从一沓画纸里,郁漾抽出的是一张白色水彩纸,把它裁成了大约一张照片的大小。她想送给江辛延一个自己手绘的小摆件。
但对着纯白的纸张发呆半天后,她又毫无头绪。
白色实在太纯净,也很明亮。这种纯净,让她反而没了灵感。
如果是刚认识那会儿,她大概还会觉得,江辛延的底色就跟这张水彩纸一样,从内到外白得耀眼。
现在她觉得,江辛延更像是困在黑暗里的一团光,他偶尔蹦出的真心话总是紧绷又颓丧,可是郁漾知道,他的内心是炽热发亮的。
郁漾能勉强窥到其中原因,又无能为力帮助他,或者改变什么。
他们只是一群没有能力,也没有生活经验的高中生,能为朋友做的最大贡献,不过是认真倾听,再送上毫无作用的宽解和安慰。
白色水彩纸被郁漾换成了黑色。
漆黑的一张,让她看得入神,大脑和手指也忽然有了启示。
她拿出许久没用过的彩色铅笔,抽出白色的一支,在纸中央勾勒出一个浅淡的人影,随后开始画下一条条细密的线,从人影的四周散开。

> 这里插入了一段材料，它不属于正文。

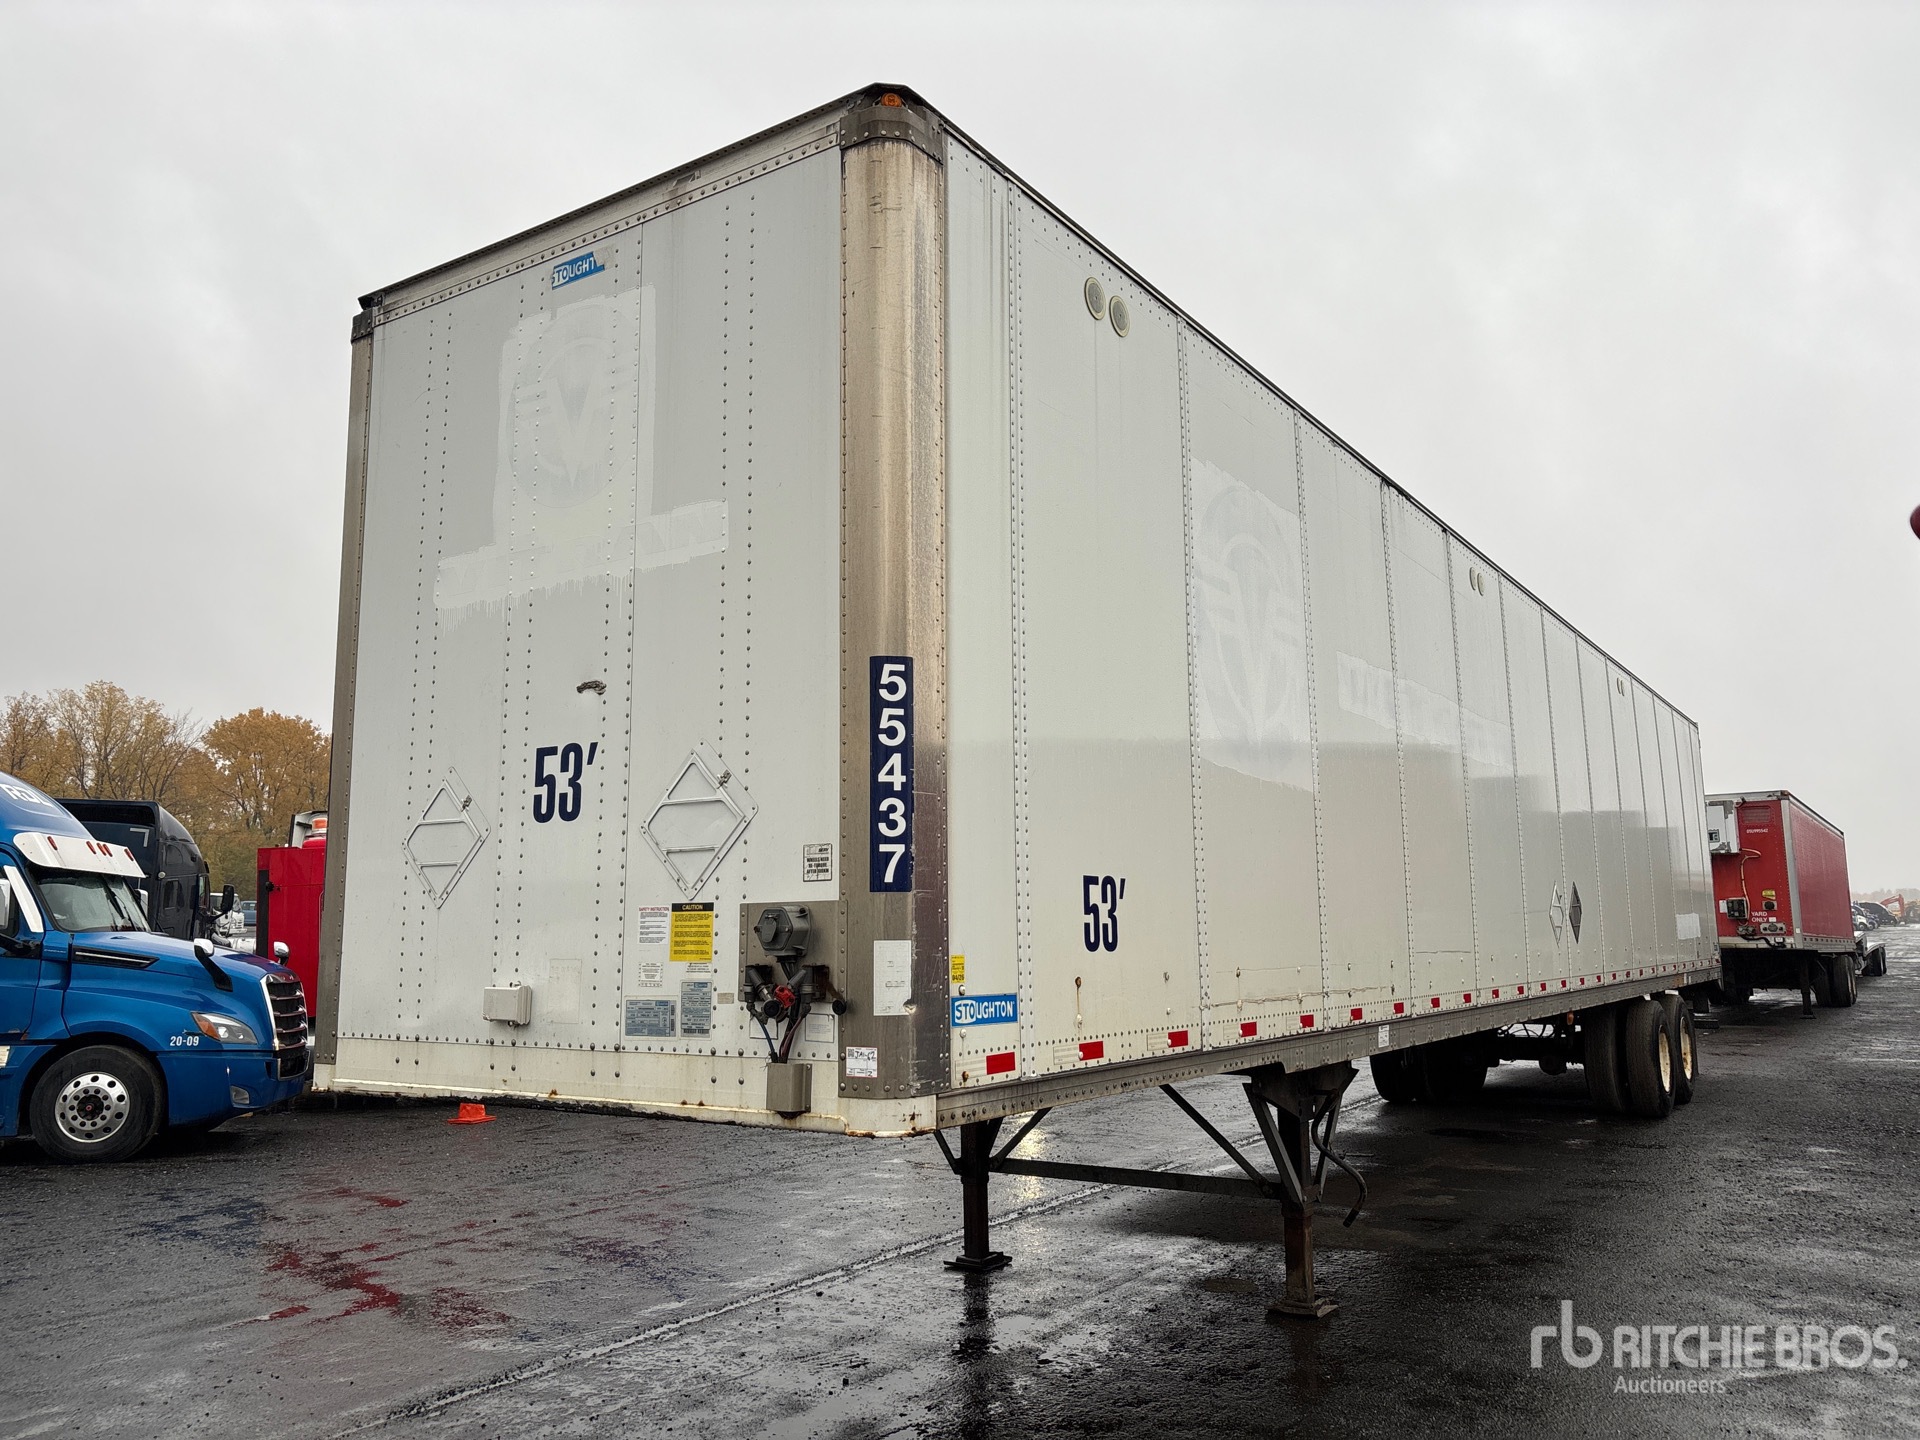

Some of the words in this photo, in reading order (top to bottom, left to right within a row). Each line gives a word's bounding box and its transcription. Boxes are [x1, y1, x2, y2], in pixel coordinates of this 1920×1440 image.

白色的线一条条增加,她重复着这个动作,心也不知不觉沉静下来。
人影的四周,开始汇聚无数延伸的白色“光带”。等画完那些细密的线,围绕着这个人影,她开始在光带间,画下一个个色彩和大小迥异的圆形光点。
那是一片现实的无垠宇宙,也是一片由内心生出来的未知宇宙。
他喜欢的物理,是研究这片现实宇宙的学科,而他的内心也需要自己慢慢探索。
郁漾最后用笔,在那个黑色的小小人影里,画上了一颗炽热的、明亮的心。
陈明月来敲过门一次,想问郁漾要不要出去吃水果,郁漾都没听到。
陈明月扭开没锁的房门,看到她伏在桌边,对自己发出的声响居然一无所知,便轻轻带上门出去了。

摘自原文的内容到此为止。